J Biol Chem, Vol. 274, Issue 12, 7929-7935, March 19, 1999

A Short Loop on the ALK-2 and ALK-4 Activin Receptors Regulates Signaling Specificity but Cannot Account for All Their Effects on Early Xenopus Development

From the Division of Developmental Biology, National Institute for Medical Research, The Ridgeway, Mill Hill, London NW7 1AA, United Kingdom

Activin, a member of the transforming growth factor  (TGF-) superfamily, signals through a heteromeric complex of type I and type II serine-threonine kinase receptors. The two activin type I receptors previously identified, ALK-2 (ActR-I) and ALK-4 (ActR-IB), have distinct effects on gene expression, differentiation and morphogenesis in the Xenopus animal cap assay.
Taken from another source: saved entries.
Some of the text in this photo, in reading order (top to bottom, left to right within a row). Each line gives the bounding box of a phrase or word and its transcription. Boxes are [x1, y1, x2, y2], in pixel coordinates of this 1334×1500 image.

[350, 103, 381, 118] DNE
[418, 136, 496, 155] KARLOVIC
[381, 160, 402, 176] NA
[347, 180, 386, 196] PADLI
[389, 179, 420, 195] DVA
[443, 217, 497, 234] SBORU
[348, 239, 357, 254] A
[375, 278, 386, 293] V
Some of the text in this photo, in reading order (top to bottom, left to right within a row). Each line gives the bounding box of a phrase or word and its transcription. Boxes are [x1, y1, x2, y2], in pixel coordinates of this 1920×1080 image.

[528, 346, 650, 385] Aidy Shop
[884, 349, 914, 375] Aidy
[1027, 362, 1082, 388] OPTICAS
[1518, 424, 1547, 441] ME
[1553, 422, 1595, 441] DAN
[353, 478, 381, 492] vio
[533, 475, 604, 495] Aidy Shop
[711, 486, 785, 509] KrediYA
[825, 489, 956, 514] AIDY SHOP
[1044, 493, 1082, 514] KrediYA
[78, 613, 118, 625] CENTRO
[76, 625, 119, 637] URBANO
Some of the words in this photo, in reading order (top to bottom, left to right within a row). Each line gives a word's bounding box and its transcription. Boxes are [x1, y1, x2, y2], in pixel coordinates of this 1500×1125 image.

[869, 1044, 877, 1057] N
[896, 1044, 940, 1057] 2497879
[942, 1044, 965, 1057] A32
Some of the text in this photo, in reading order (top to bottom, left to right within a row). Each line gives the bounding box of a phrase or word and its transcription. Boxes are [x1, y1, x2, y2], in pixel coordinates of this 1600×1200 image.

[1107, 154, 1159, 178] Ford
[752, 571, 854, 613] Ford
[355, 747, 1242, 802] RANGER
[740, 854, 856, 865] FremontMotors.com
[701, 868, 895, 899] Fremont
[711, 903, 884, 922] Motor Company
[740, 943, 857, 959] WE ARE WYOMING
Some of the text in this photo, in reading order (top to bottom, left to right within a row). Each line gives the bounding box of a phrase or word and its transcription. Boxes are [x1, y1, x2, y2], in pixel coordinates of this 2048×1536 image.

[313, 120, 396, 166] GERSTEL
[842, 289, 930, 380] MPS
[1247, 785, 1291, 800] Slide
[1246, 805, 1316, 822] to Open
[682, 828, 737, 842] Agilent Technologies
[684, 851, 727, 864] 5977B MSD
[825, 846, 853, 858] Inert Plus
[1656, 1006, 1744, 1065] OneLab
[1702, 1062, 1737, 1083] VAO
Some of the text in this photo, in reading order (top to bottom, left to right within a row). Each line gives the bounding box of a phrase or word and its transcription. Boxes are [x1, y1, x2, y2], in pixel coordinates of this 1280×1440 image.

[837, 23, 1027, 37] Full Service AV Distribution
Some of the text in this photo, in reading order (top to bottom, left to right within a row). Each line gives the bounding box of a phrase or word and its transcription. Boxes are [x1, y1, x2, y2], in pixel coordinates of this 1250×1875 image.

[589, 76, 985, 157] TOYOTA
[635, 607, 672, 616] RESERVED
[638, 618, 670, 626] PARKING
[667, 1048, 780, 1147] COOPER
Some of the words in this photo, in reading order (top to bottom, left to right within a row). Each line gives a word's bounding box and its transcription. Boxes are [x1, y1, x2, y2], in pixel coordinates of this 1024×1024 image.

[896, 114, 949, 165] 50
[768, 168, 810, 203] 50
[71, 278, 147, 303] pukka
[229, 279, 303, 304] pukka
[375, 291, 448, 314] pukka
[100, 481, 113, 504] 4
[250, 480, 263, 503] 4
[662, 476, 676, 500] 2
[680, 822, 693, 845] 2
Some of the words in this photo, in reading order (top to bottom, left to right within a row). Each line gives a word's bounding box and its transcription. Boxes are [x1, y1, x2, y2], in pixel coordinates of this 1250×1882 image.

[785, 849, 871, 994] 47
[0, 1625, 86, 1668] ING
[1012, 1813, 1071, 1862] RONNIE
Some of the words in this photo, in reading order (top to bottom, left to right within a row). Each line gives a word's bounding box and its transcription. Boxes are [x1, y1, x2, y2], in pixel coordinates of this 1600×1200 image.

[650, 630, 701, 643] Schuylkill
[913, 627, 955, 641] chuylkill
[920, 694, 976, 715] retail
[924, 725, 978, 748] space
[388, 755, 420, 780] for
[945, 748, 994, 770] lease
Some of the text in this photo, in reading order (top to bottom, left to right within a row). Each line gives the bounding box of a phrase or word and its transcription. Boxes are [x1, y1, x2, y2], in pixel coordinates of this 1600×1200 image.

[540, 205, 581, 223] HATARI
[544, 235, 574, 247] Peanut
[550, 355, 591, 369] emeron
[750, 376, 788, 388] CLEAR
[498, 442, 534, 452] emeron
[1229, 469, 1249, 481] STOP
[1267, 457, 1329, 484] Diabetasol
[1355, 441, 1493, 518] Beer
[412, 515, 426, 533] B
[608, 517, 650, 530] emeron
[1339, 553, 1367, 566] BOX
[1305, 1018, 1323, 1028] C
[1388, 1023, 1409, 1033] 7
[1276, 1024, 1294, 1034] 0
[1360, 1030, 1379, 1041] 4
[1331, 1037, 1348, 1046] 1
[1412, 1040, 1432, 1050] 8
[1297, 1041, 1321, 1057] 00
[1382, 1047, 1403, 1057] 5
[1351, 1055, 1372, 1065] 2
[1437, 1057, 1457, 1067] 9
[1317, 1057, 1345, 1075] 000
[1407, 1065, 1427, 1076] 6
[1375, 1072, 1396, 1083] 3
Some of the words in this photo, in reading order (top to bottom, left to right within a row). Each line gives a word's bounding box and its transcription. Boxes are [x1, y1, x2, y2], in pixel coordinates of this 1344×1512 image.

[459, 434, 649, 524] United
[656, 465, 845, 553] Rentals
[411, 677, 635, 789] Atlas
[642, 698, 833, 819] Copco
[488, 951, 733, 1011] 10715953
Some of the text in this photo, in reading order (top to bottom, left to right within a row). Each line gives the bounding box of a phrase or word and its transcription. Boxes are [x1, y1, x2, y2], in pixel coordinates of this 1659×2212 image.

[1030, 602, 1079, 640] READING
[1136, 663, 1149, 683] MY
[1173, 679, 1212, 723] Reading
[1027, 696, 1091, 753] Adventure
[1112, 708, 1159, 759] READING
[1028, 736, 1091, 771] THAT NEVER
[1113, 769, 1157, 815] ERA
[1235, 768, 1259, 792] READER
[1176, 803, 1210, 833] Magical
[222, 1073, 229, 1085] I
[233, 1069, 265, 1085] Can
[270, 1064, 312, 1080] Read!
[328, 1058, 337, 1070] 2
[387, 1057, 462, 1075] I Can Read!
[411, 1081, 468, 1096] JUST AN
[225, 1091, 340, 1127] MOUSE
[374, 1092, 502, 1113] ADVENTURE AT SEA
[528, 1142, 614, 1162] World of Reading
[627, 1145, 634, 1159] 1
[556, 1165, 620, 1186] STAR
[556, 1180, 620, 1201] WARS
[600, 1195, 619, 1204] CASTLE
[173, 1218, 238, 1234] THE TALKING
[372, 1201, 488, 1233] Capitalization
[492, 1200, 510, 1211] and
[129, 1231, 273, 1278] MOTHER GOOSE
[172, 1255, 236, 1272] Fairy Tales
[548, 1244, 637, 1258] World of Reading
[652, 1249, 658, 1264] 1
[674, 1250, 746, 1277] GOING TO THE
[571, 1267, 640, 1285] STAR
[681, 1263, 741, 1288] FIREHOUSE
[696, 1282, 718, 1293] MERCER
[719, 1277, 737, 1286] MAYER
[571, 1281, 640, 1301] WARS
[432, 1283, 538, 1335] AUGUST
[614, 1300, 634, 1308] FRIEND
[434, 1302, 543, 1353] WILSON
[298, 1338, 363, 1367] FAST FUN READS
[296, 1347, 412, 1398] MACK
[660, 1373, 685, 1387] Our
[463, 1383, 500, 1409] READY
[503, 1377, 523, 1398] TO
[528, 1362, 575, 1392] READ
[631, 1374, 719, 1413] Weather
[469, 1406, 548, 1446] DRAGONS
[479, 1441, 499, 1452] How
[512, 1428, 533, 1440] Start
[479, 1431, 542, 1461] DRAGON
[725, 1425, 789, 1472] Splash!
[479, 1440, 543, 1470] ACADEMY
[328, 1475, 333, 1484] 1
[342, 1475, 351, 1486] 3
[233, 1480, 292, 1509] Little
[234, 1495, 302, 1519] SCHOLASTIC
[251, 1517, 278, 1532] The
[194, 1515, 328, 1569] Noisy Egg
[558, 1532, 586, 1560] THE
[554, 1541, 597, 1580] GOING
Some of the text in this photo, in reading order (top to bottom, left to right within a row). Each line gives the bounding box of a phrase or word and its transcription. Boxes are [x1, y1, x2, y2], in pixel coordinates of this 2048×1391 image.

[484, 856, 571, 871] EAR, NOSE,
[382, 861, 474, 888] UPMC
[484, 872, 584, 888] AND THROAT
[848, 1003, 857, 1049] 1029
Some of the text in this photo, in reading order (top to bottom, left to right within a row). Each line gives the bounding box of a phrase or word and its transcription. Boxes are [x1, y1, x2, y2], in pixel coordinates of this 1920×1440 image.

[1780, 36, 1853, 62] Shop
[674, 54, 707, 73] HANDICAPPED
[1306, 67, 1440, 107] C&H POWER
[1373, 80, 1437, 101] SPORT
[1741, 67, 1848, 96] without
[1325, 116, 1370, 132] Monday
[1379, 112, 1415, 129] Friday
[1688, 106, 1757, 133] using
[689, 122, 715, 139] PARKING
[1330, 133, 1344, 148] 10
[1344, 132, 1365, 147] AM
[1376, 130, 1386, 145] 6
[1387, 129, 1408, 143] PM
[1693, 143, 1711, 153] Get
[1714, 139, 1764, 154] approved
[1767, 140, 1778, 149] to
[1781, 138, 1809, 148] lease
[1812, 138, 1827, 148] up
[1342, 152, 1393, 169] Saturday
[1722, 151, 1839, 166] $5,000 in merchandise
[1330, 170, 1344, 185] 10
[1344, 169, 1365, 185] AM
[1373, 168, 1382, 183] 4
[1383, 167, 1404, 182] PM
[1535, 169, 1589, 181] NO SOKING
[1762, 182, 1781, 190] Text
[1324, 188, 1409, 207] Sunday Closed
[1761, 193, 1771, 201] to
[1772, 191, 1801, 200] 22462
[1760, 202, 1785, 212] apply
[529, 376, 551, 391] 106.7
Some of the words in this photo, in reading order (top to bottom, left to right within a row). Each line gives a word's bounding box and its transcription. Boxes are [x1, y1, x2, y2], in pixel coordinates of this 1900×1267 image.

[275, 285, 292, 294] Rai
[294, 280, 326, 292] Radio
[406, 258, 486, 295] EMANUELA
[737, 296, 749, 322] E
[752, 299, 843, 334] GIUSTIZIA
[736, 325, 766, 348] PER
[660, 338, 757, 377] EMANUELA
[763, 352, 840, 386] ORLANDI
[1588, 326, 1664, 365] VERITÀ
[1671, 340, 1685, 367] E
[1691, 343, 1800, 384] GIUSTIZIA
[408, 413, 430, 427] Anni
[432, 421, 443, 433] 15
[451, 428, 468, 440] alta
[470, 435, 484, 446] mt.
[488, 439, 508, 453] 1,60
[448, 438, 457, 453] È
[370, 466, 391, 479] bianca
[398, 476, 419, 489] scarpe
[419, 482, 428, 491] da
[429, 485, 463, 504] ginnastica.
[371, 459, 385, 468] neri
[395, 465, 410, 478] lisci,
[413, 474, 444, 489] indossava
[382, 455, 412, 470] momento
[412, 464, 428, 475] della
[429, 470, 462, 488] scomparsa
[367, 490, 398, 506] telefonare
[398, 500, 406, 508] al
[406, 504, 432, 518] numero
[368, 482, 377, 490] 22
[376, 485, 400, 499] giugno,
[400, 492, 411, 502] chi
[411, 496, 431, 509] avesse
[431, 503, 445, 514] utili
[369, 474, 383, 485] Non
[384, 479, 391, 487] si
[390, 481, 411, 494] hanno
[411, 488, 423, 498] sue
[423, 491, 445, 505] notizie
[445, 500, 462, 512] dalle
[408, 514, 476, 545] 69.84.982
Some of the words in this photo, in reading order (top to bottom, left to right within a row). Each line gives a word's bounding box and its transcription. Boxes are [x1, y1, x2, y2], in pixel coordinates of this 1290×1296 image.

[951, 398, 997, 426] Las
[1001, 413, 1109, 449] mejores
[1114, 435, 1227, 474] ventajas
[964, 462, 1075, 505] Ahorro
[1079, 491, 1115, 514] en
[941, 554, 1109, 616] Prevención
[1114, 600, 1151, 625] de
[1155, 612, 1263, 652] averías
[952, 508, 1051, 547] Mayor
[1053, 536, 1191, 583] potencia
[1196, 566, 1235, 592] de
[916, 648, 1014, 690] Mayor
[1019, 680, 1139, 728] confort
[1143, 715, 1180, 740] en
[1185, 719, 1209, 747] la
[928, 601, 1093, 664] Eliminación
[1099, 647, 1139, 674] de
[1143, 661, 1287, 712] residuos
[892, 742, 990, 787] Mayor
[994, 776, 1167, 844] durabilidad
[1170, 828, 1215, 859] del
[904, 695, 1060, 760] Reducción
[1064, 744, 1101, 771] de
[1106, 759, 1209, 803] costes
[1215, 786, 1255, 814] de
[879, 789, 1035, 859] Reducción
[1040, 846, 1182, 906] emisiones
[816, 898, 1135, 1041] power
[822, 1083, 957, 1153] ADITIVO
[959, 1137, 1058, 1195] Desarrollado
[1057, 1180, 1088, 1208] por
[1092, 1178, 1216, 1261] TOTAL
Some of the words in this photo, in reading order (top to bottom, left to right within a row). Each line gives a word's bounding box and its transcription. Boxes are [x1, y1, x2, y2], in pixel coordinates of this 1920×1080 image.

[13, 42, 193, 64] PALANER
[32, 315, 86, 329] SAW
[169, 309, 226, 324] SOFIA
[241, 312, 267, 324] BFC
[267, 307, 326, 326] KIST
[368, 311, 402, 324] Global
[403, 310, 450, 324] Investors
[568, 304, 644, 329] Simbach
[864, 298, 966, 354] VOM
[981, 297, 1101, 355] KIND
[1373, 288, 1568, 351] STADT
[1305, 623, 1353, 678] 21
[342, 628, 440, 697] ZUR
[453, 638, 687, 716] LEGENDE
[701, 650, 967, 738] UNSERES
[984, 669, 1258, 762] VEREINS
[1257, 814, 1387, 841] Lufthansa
ALK-4 reproduces the effects of activin treatment including the dose-dependent induction of progressively more dorso-anterior mesodermal and endodermal markers, whereas ALK-2 induces only ventral mesodermal markers and counteracts the effects of ALK-4. To identify regions of the receptors that determine signaling specificity we have generated chimeras of the constitutively active ALK-2 and ALK-4 receptors (termed ALK-2* and ALK-4*). The effects of these chimeric receptors on gene expression and morphogenetic movements implicate the loop between kinase subdomains IV and V in mediating the strong dorsal gene-inducing properties of ALK-4*; when the seven amino acids comprising this loop are transferred from ALK-4* to ALK-2*, the resulting chimeric receptor is capable of inducing the expression of dorsal-specific genes. In contrast, when the equivalent region of ALK-2* is transferred to the ALK-4* backbone it cannot effectively counteract the dorsalizing effects of ALK-4*, suggesting that other regions of type I receptors are also involved in determining signal specificity.